Interpretable Feature Engineering for Nanopore Sequencing Basecalling: Learning Biophysical Patterns in Pore Models

15 Sept 2025 (modified: 08 Oct 2025)Submitted to Agents4ScienceEveryoneRevisionsBibTeXCC BY 4.0
Keywords: Pore Models, Biophysical Patterns, Interpretable Feature
Abstract: Nanopore sequencing has emerged as a transformative platform for long-read DNA analysis, yet state-of-the-art basecallers rely on opaque deep learning models that limit interpretability and hinder systematic improvement. Here we present a proof-of-concept study demonstrating that interpretable, biophysically motivated feature engineering can capture key determinants of nanopore signals with competitive accuracy.

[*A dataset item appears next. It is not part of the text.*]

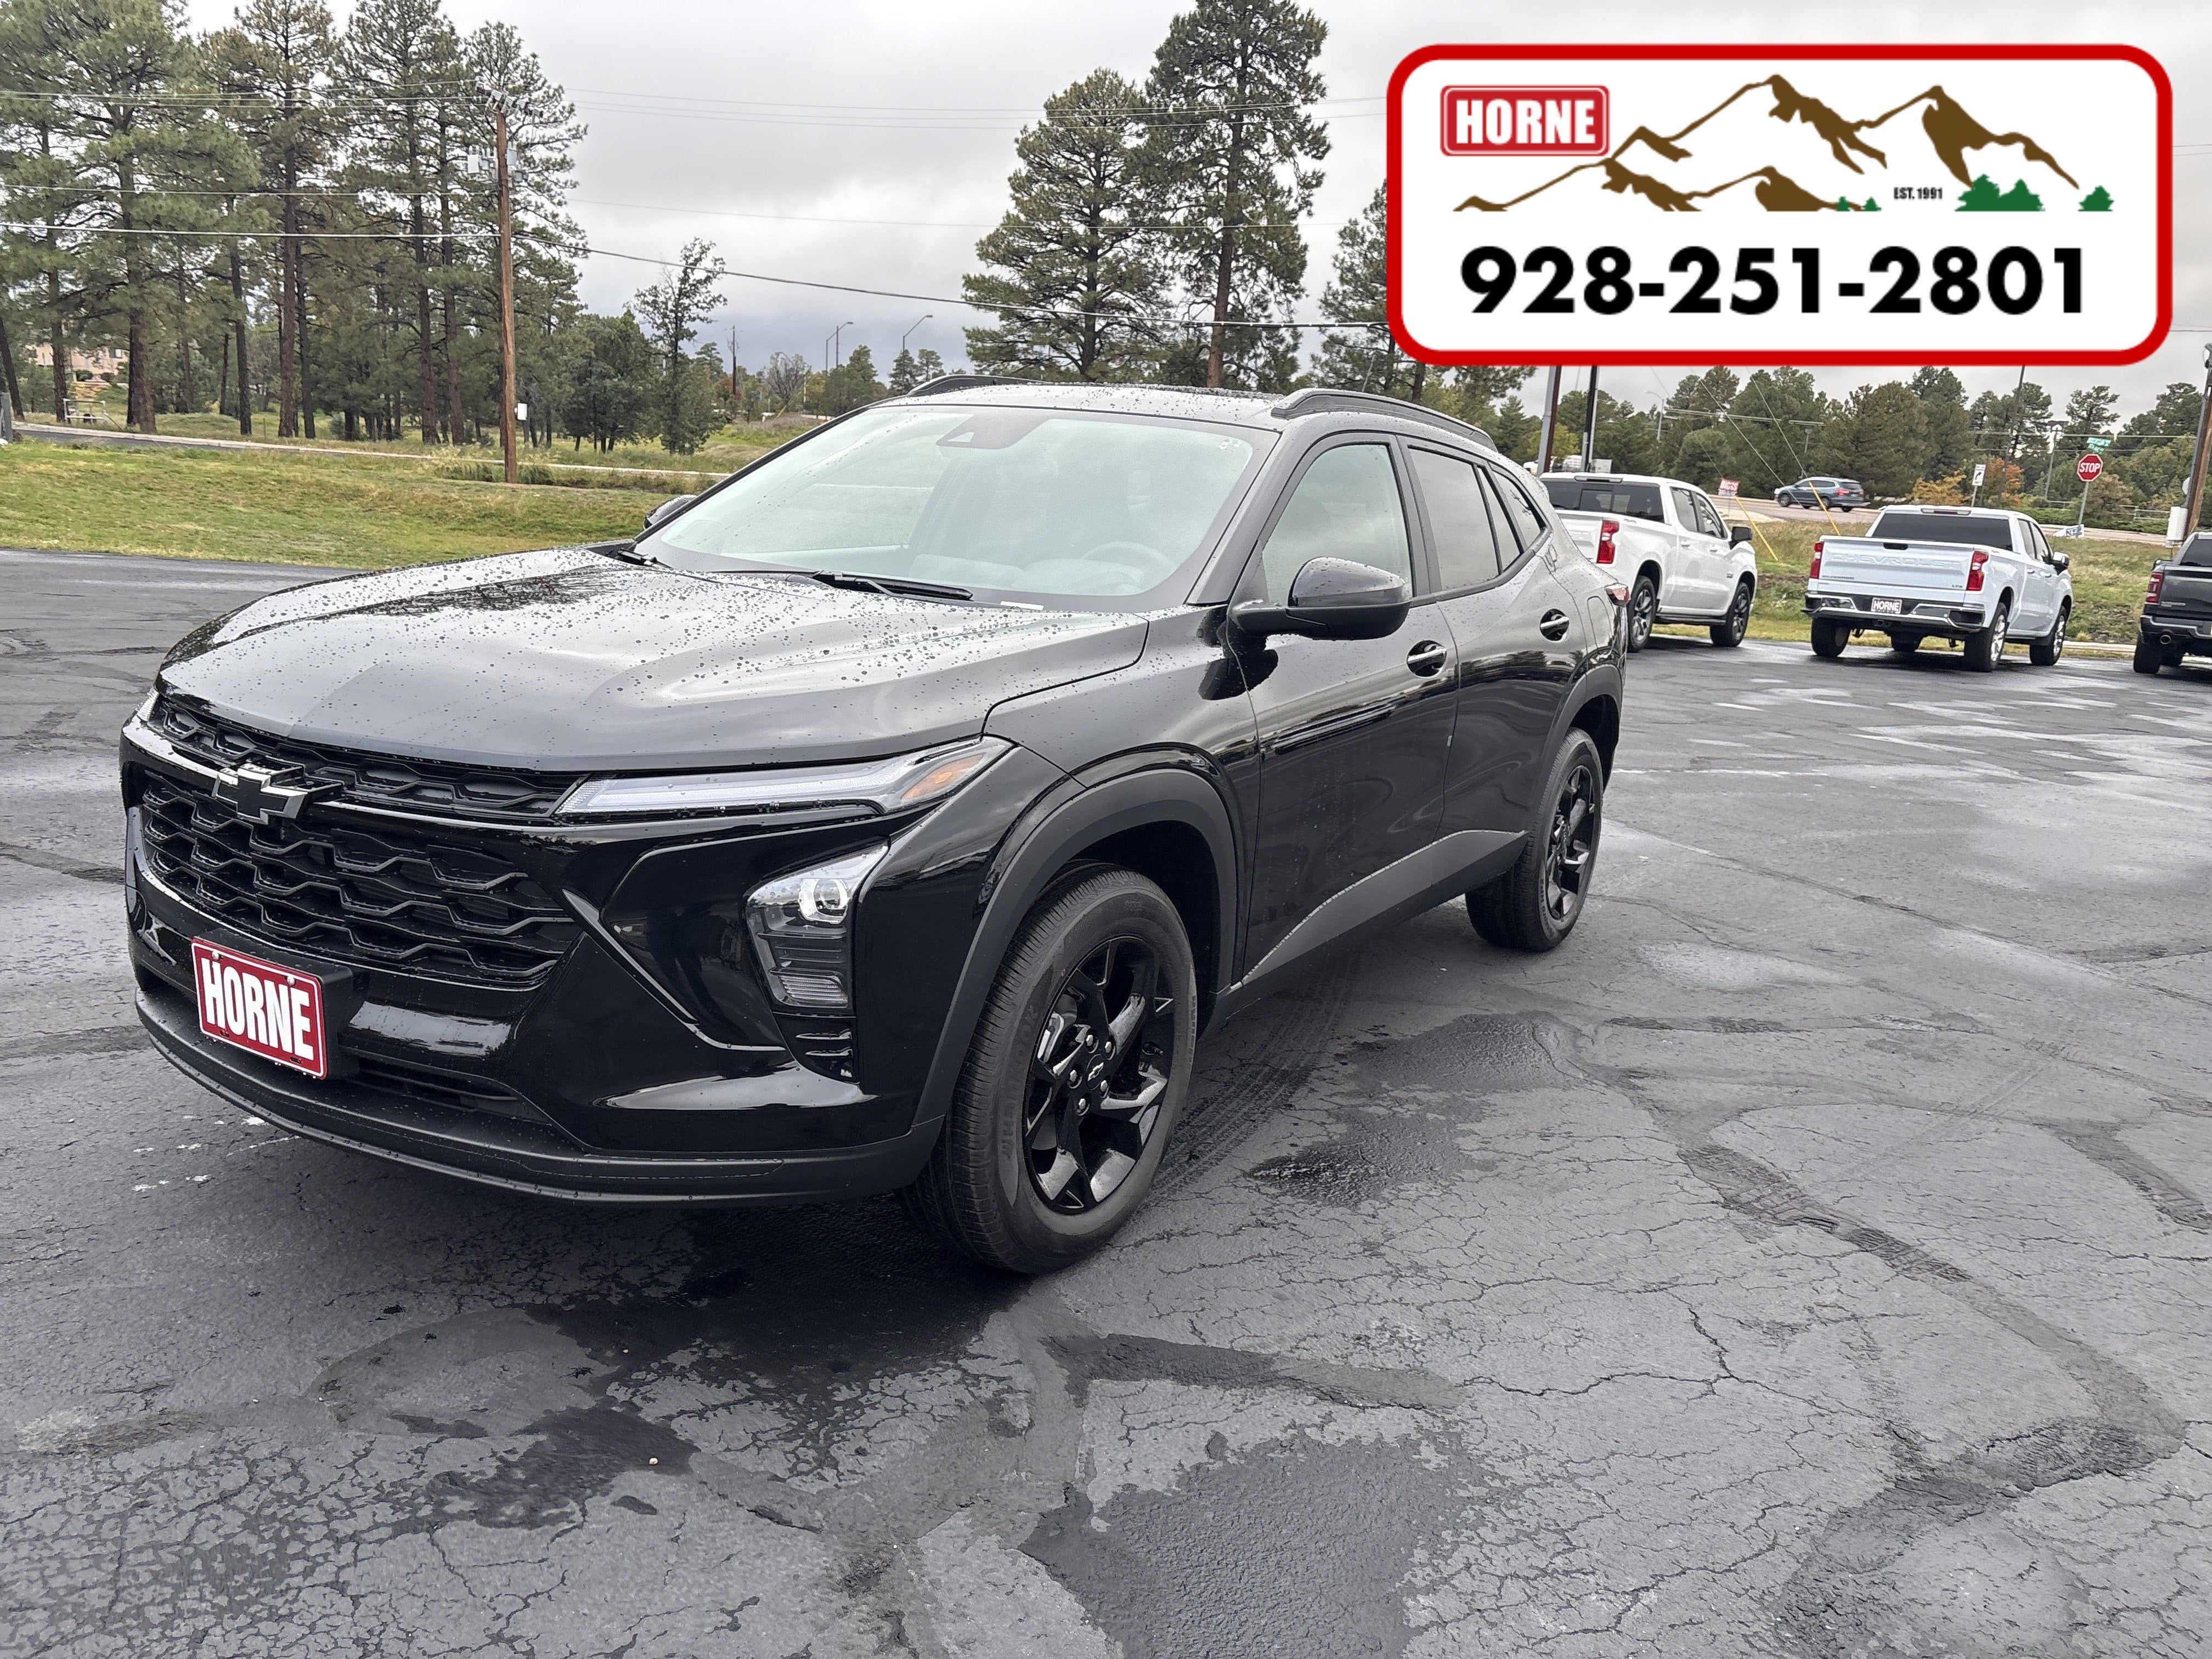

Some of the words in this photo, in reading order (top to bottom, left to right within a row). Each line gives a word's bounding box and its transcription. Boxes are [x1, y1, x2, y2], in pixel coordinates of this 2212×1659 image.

[2079, 462, 2101, 473] STOP
[1873, 600, 1900, 612] HORNE
[201, 957, 314, 1061] HORNE
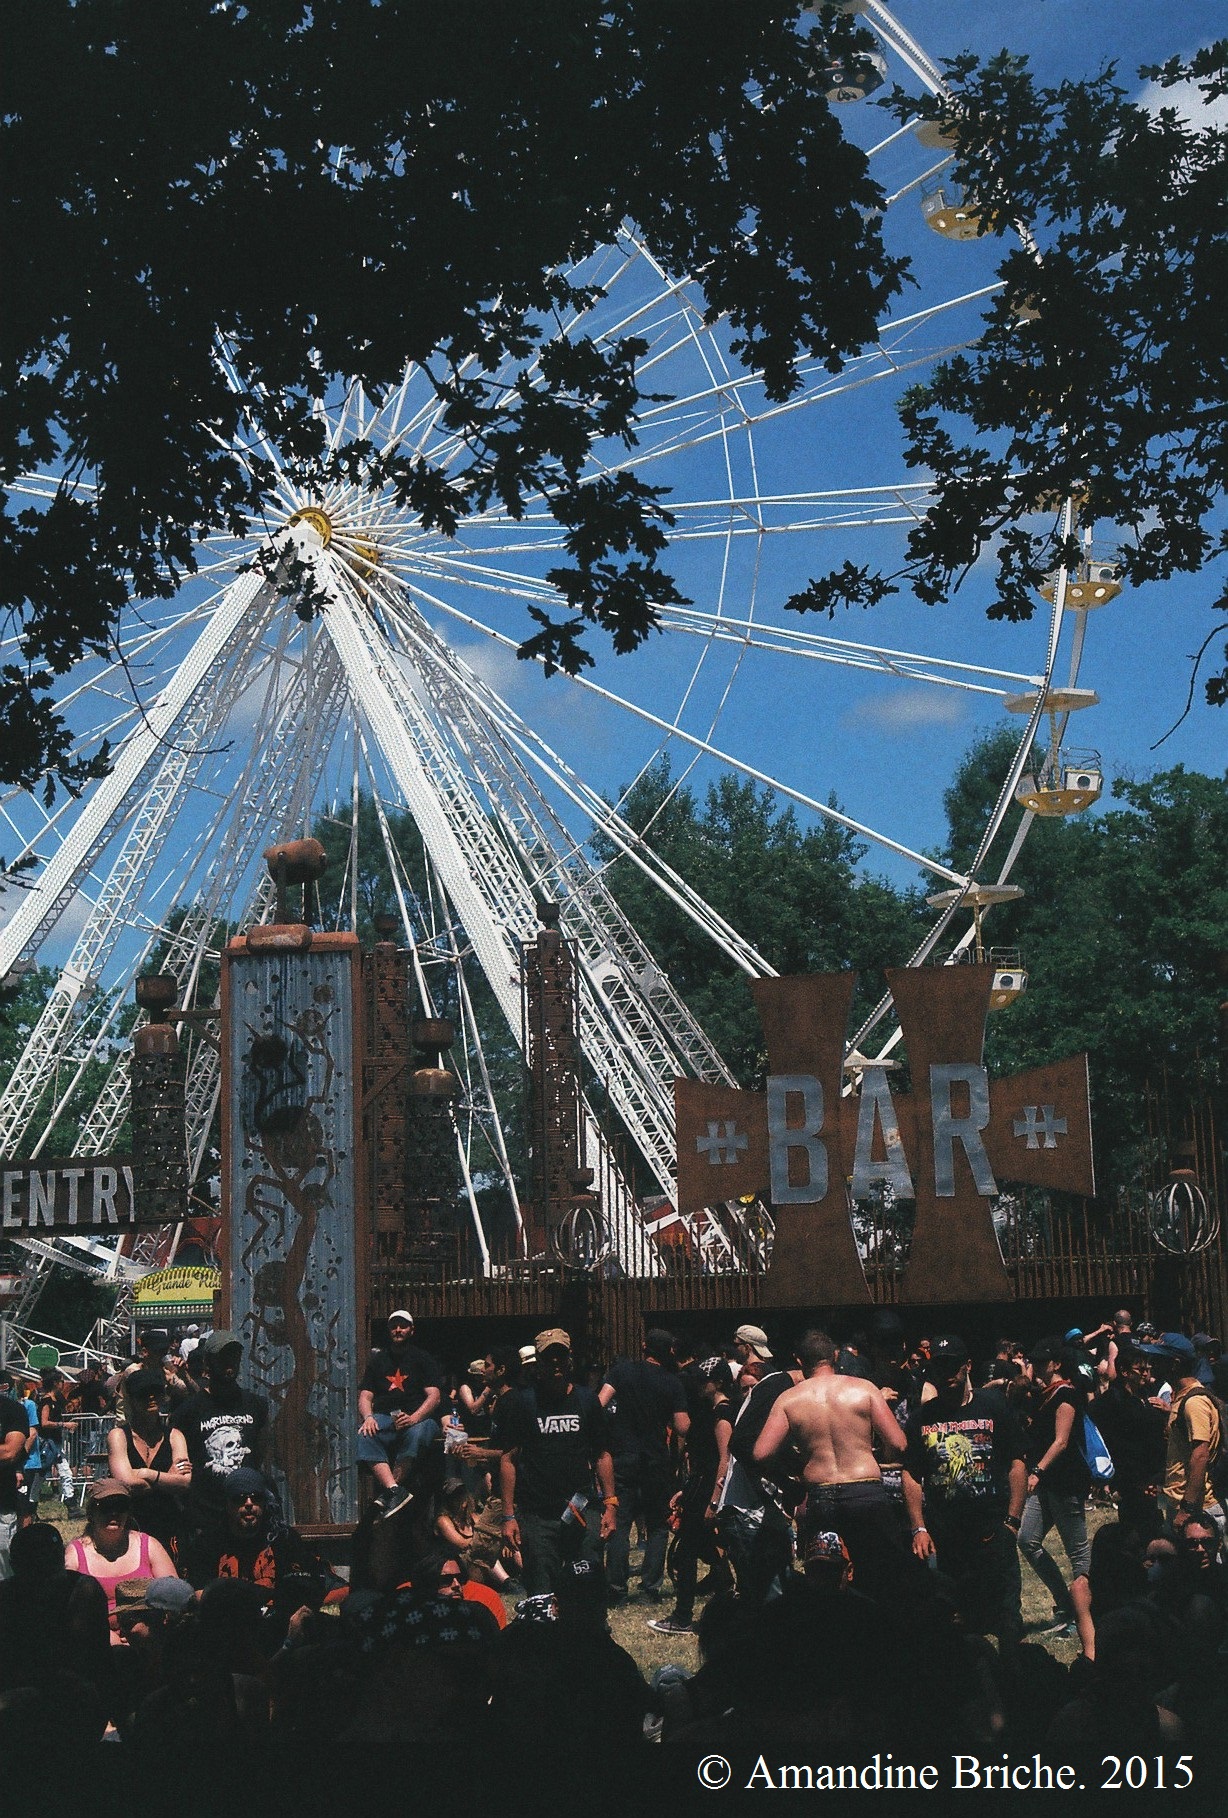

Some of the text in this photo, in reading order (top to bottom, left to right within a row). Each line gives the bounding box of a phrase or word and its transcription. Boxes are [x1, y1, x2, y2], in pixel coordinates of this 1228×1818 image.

Using the ONT R9.4 pore model, we construct single-nucleotide and pairwise interaction features and apply LASSO regularization to identify 50 informative predictors from an initial pool of 420. The resulting linear model reduces mean squared error by 87\% compared with one-hot encoding and outperforms a two-layer neural network baseline, while providing mechanistic insights into signal modulation at the pore constriction. On synthetic homopolymers, our approach achieves a 96\% error reduction, though limited sample size prevents strong conclusions. These findings highlight that interpretable models can not only approach the performance of black-box architectures but also elucidate the underlying physics of nanopore sequencing. While current results are restricted to noise-free synthetic data, this work outlines a path toward transparent, auditable, and efficient basecalling frameworks with potential relevance for both research and clinical applications.